**Task prompt:**
Everything below from the line with "Some of the words" to the last line, both included, is to be written out exactly, with nothing added.

**Material for the task:**
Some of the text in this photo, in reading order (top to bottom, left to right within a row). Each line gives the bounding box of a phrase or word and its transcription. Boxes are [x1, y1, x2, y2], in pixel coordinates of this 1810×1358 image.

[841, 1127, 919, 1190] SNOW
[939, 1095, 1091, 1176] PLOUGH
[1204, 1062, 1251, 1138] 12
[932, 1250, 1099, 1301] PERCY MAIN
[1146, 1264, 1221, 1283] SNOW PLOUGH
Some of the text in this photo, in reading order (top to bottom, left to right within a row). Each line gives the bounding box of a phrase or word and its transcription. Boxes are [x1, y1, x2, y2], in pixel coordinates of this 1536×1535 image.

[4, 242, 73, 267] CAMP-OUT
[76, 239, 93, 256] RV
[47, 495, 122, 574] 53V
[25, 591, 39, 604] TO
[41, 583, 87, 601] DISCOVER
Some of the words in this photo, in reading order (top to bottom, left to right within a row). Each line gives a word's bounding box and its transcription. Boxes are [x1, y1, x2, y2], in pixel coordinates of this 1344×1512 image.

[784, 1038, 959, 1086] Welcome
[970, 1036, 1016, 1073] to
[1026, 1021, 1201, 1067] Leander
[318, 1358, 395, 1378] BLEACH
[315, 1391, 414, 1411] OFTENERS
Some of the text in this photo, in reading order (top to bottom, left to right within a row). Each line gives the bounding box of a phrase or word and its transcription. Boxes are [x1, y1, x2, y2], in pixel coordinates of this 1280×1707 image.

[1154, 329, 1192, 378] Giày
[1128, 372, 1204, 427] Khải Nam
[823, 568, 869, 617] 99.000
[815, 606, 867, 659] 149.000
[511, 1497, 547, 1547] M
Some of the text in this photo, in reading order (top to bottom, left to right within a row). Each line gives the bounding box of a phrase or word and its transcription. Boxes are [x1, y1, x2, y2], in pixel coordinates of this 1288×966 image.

**Solution for this task:**
Some of the words in this photo, in reading order (top to bottom, left to right within a row). Each line gives a word's bounding box and its transcription. Boxes are [x1, y1, x2, y2], in pixel coordinates of this 1344×1512 image.

[784, 1038, 959, 1086] Welcome
[970, 1036, 1016, 1073] to
[1026, 1021, 1201, 1067] Leander
[318, 1358, 395, 1378] BLEACH
[315, 1391, 414, 1411] OFTENERS
Some of the text in this photo, in reading order (top to bottom, left to right within a row). Each line gives the bounding box of a phrase or word and its transcription. Boxes are [x1, y1, x2, y2], in pixel coordinates of this 1280×1707 image.

[1154, 329, 1192, 378] Giày
[1128, 372, 1204, 427] Khải Nam
[823, 568, 869, 617] 99.000
[815, 606, 867, 659] 149.000
[511, 1497, 547, 1547] M
Some of the text in this photo, in reading order (top to bottom, left to right within a row). Each line gives the bounding box of a phrase or word and its transcription. Boxes are [x1, y1, x2, y2], in pixel coordinates of this 1288×966 image.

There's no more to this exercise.